*AVAILABLE DATA:*
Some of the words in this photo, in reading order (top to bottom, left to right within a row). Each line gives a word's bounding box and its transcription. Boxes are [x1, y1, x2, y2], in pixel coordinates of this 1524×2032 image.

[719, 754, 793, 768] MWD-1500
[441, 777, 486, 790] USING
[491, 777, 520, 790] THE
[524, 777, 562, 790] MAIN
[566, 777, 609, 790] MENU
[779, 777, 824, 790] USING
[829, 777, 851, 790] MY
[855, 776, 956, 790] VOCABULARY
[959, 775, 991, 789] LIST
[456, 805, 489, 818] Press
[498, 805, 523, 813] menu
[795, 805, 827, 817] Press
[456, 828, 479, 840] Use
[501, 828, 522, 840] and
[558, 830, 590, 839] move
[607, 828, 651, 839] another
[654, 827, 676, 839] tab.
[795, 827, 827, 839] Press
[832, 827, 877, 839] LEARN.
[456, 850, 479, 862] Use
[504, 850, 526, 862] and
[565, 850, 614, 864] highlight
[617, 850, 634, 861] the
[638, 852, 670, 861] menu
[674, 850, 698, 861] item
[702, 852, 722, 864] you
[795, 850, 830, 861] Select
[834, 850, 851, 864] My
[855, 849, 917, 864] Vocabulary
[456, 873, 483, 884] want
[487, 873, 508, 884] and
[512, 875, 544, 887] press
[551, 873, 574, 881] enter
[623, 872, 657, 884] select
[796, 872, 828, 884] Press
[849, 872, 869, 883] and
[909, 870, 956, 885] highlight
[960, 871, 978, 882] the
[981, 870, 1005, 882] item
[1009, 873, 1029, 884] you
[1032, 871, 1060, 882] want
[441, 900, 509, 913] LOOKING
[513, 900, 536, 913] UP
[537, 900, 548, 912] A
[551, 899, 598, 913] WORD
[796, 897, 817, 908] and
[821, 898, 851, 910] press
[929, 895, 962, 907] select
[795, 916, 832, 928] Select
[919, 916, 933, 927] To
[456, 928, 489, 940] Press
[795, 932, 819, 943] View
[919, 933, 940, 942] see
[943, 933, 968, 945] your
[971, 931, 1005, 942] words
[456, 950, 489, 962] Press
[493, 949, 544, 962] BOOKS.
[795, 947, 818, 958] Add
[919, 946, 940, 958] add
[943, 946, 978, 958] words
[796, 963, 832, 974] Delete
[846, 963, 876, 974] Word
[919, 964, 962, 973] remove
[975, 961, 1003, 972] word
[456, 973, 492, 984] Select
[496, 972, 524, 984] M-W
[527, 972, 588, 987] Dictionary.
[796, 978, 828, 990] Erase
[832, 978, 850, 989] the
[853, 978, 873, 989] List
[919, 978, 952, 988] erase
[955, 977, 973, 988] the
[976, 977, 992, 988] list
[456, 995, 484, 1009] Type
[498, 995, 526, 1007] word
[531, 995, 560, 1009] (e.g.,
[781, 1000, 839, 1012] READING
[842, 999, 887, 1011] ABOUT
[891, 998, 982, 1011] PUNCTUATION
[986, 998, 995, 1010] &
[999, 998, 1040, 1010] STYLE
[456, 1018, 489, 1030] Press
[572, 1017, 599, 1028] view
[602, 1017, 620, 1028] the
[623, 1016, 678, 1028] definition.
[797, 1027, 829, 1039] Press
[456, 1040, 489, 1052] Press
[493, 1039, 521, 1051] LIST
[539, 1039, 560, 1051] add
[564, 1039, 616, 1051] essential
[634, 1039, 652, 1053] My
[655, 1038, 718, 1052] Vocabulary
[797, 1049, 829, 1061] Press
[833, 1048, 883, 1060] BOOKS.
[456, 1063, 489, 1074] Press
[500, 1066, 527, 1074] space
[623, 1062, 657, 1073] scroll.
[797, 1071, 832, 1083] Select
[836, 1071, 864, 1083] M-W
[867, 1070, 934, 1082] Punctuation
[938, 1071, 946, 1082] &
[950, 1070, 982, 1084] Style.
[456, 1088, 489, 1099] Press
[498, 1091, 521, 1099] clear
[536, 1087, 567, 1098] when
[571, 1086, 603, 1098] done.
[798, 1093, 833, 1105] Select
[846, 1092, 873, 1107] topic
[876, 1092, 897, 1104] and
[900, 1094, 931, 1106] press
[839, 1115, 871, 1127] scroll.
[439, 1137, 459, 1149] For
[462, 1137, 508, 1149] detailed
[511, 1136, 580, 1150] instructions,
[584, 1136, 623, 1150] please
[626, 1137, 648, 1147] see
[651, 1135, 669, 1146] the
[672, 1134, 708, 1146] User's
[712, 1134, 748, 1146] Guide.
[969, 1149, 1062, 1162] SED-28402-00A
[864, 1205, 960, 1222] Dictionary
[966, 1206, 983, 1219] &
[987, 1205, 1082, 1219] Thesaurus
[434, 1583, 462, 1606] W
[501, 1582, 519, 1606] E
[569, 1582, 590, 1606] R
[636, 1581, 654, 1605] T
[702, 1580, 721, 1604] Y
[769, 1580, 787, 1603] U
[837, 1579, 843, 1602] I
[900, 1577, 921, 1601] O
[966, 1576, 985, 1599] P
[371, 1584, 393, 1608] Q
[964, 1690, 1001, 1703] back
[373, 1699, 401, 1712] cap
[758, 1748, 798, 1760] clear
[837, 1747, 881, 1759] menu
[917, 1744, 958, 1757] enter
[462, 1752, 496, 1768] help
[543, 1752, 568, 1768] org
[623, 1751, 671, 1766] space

*REQUIRED ACTION:* Taking the material above, say how many lines have "words" in them, and give no other output.

*EXERCISE SOLUTION:* 3